What the attackers might have taken from the facility really terrified her. The cold room was supposed to be impenetrable. But then, so was the Cradle. Her mind shifted to the man in the Gilly suit. She hoped he’d gotten the hell out of there. He’d been stupid to go back. But then, he was a Marine. Which meant courage most often won out over personal safety.
Considering what had happened, it was a little too convenient to think that an armed Marine, complete with buddies, was in the area. A four-man team. Snipers maybe? It was a U.S. government project.
Her mind sifted, plucked at information. It’s what she did for a living. Gather data, theorize. Experiment, test, try a new route. If this had been a chemical reaction she could have figured that out easy. But she had a result without the cause. Why hit the Cradle? Why kill a bunch of tech nerds?
Okay here’s your stupid card, Syd. It was top top secret. That alone attracted bad guys. But the Cradle was more covert than the NSA, and aside from an elite group of military and finance council officials, only a couple of handpicked agents knew about its existence.
Now everyone would.
Sydney stopped at the appointed mark, glanced up and down the road, then did as ordered. She stepped into the forest to wait.
She knew what those people were after. The elements in the cold room. Maybe the bomb. No one was supposed to know about that, either. She touched the notes wedged into her panties. If they were after her research, then they had an incomplete formula.
She had the rest.
And now, she had the only copy.
Two
7:31 A.M.
Like an ancient Apache, Jack put his hand on the ground, feeling the vibrations.
The trembling stopped as quickly as it had started. Frightened deer loped deeper into the valley, away from the scent of blood. Smaller animals dug frantically into hollows and underbrush. Earthquake? Cave-in? Crouching, he sniffed the air, scenting only mist and morning.
Slipping his binoculars from his leg pocket, he sighted on the mountaintop. His fingers flexed, and he wished they were around the killer’s throat. Tucked against the truck fender, Jack examined the area three-sixty. He was far enough from Skyline Drive not to feel the rumble of trucks or buses. No personal vehicles could have made such a rumble anyway. So what caused the shaking? There was nothing, no one. And, there was no easy line of sight for shots accurate enough to kill three men a hundred yards apart. That meant more than one shooter.
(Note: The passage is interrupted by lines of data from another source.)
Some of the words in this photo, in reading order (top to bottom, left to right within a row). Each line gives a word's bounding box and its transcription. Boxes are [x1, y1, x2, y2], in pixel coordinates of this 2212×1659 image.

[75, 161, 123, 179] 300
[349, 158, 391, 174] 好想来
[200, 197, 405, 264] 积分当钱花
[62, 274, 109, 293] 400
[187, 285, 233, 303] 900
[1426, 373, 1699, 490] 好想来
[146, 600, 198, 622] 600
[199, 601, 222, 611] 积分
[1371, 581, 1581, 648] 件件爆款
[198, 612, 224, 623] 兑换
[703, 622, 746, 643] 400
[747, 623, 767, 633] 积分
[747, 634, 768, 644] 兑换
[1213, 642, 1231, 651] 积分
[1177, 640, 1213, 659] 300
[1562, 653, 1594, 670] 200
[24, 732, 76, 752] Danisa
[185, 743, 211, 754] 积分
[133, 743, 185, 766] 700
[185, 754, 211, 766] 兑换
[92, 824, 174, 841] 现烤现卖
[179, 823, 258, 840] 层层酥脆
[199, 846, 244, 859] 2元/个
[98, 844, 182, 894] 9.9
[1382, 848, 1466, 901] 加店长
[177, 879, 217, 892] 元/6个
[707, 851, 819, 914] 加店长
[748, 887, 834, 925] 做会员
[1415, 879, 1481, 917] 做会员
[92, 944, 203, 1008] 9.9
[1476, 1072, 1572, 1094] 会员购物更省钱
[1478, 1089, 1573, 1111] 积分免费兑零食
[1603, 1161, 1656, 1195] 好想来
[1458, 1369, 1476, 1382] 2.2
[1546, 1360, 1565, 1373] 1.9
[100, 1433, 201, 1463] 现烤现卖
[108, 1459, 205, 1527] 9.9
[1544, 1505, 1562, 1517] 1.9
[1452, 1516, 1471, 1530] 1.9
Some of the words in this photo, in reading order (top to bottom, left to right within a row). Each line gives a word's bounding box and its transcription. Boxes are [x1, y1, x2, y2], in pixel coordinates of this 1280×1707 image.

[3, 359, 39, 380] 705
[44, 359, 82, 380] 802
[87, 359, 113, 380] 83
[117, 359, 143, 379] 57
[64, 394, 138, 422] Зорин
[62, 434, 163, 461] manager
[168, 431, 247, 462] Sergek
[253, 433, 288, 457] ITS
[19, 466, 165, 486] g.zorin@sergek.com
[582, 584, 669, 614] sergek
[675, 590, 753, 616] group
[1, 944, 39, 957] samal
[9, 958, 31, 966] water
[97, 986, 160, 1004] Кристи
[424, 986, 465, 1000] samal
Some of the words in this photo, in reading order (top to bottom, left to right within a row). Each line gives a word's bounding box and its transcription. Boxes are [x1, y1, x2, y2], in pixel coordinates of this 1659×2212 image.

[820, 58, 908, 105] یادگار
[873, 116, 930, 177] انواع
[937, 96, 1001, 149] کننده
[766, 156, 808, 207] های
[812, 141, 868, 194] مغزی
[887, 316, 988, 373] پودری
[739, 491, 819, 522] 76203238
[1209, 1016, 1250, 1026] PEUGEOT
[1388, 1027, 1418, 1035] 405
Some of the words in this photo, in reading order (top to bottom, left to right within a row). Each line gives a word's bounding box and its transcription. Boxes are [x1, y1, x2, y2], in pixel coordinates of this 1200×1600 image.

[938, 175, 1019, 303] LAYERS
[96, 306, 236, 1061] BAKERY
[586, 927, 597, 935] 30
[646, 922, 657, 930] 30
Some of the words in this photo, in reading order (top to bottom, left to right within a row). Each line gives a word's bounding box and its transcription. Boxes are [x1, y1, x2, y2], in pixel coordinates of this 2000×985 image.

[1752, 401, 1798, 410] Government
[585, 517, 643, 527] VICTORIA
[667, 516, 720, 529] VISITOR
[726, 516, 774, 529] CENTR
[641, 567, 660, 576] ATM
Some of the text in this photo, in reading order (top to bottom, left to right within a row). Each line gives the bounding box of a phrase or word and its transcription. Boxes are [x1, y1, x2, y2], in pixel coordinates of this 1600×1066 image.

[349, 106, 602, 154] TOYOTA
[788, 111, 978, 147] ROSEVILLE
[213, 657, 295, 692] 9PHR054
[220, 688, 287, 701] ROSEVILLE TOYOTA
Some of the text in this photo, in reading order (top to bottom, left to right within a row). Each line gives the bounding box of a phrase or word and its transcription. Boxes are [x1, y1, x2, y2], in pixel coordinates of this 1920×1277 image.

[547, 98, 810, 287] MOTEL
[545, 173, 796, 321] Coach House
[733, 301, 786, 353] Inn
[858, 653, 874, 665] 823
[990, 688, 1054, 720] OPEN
He was hoping for a head to scalp. Instead, he was alone with three dead friends and no one to blame.
And possibly with a shooter still sighting on him.
He threw a fistful of rocks, keeping low and expecting the soft pop of silenced gunfire. None came, but he still wasn’t taking chances and using the trees for cover, he moved slowly back to the point where he’d first seen the woman. He found large footprints, blood smeared on the underbrush. The man Jack had shot was hit badly. To die and left for the animals, he thought. The woman’s prints were there too. The toe of her shoe made more of a mark than the heels. That meant running at top speed, he thought, then hotfooted it to his deer stand and climbed past the jump seat. He sighted again through the binoculars, his gaze clawing the hillside from the cavern entrance. Nothing. Impatient rage rushed inside him, but he moved slowly, finally swinging right and higher.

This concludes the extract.